• **Stored dataset items**
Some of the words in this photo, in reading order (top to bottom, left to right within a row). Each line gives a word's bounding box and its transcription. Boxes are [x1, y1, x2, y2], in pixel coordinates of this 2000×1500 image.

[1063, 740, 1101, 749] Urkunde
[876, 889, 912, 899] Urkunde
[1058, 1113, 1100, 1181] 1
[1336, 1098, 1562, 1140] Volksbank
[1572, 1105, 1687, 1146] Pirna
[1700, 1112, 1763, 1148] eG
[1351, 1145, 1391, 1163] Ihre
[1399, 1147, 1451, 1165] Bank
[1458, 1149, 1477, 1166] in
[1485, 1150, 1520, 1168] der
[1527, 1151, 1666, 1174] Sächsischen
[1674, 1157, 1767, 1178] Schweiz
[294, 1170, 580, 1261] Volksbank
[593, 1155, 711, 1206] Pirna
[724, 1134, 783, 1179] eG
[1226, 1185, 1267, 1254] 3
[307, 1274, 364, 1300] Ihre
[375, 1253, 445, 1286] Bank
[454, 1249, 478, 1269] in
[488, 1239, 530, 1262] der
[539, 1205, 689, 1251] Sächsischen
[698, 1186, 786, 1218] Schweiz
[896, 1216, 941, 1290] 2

• **What you will do**
Having looked over the entries above, reproduce all of them exactly.

• **Output of the exercise**
Some of the words in this photo, in reading order (top to bottom, left to right within a row). Each line gives a word's bounding box and its transcription. Boxes are [x1, y1, x2, y2], in pixel coordinates of this 2000×1500 image.

[1063, 740, 1101, 749] Urkunde
[876, 889, 912, 899] Urkunde
[1058, 1113, 1100, 1181] 1
[1336, 1098, 1562, 1140] Volksbank
[1572, 1105, 1687, 1146] Pirna
[1700, 1112, 1763, 1148] eG
[1351, 1145, 1391, 1163] Ihre
[1399, 1147, 1451, 1165] Bank
[1458, 1149, 1477, 1166] in
[1485, 1150, 1520, 1168] der
[1527, 1151, 1666, 1174] Sächsischen
[1674, 1157, 1767, 1178] Schweiz
[294, 1170, 580, 1261] Volksbank
[593, 1155, 711, 1206] Pirna
[724, 1134, 783, 1179] eG
[1226, 1185, 1267, 1254] 3
[307, 1274, 364, 1300] Ihre
[375, 1253, 445, 1286] Bank
[454, 1249, 478, 1269] in
[488, 1239, 530, 1262] der
[539, 1205, 689, 1251] Sächsischen
[698, 1186, 786, 1218] Schweiz
[896, 1216, 941, 1290] 2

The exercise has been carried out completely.